[Opening Working data section]
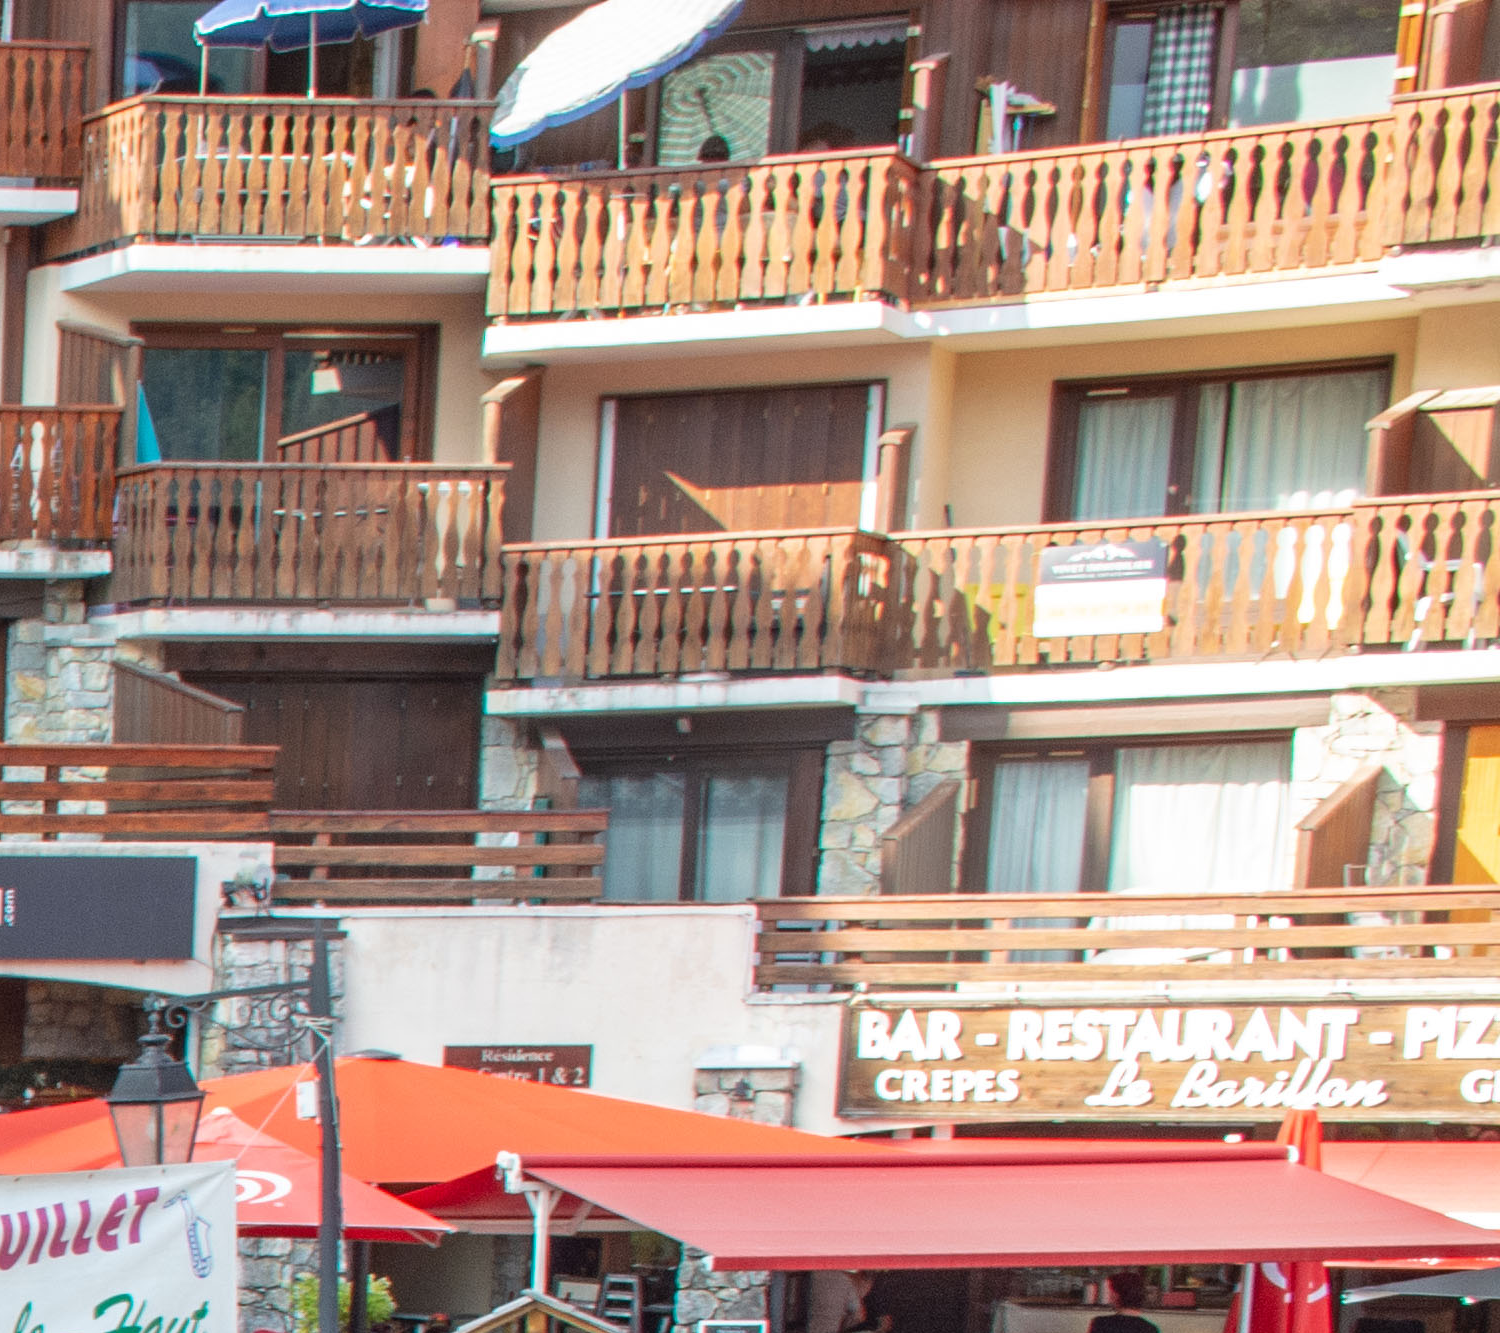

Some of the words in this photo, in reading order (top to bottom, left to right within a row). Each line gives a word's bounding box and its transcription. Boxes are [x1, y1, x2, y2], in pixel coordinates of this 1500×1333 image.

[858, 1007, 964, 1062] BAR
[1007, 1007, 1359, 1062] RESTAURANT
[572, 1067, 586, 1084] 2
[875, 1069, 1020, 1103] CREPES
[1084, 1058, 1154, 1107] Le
[Closing Working data section]
What you should do
In your copy of the records, include no pictures; repeat everything else exactly.

Response to the exercise
Some of the words in this photo, in reading order (top to bottom, left to right within a row). Each line gives a word's bounding box and its transcription. Boxes are [x1, y1, x2, y2], in pixel coordinates of this 1500×1333 image.

[858, 1007, 964, 1062] BAR
[1007, 1007, 1359, 1062] RESTAURANT
[572, 1067, 586, 1084] 2
[875, 1069, 1020, 1103] CREPES
[1084, 1058, 1154, 1107] Le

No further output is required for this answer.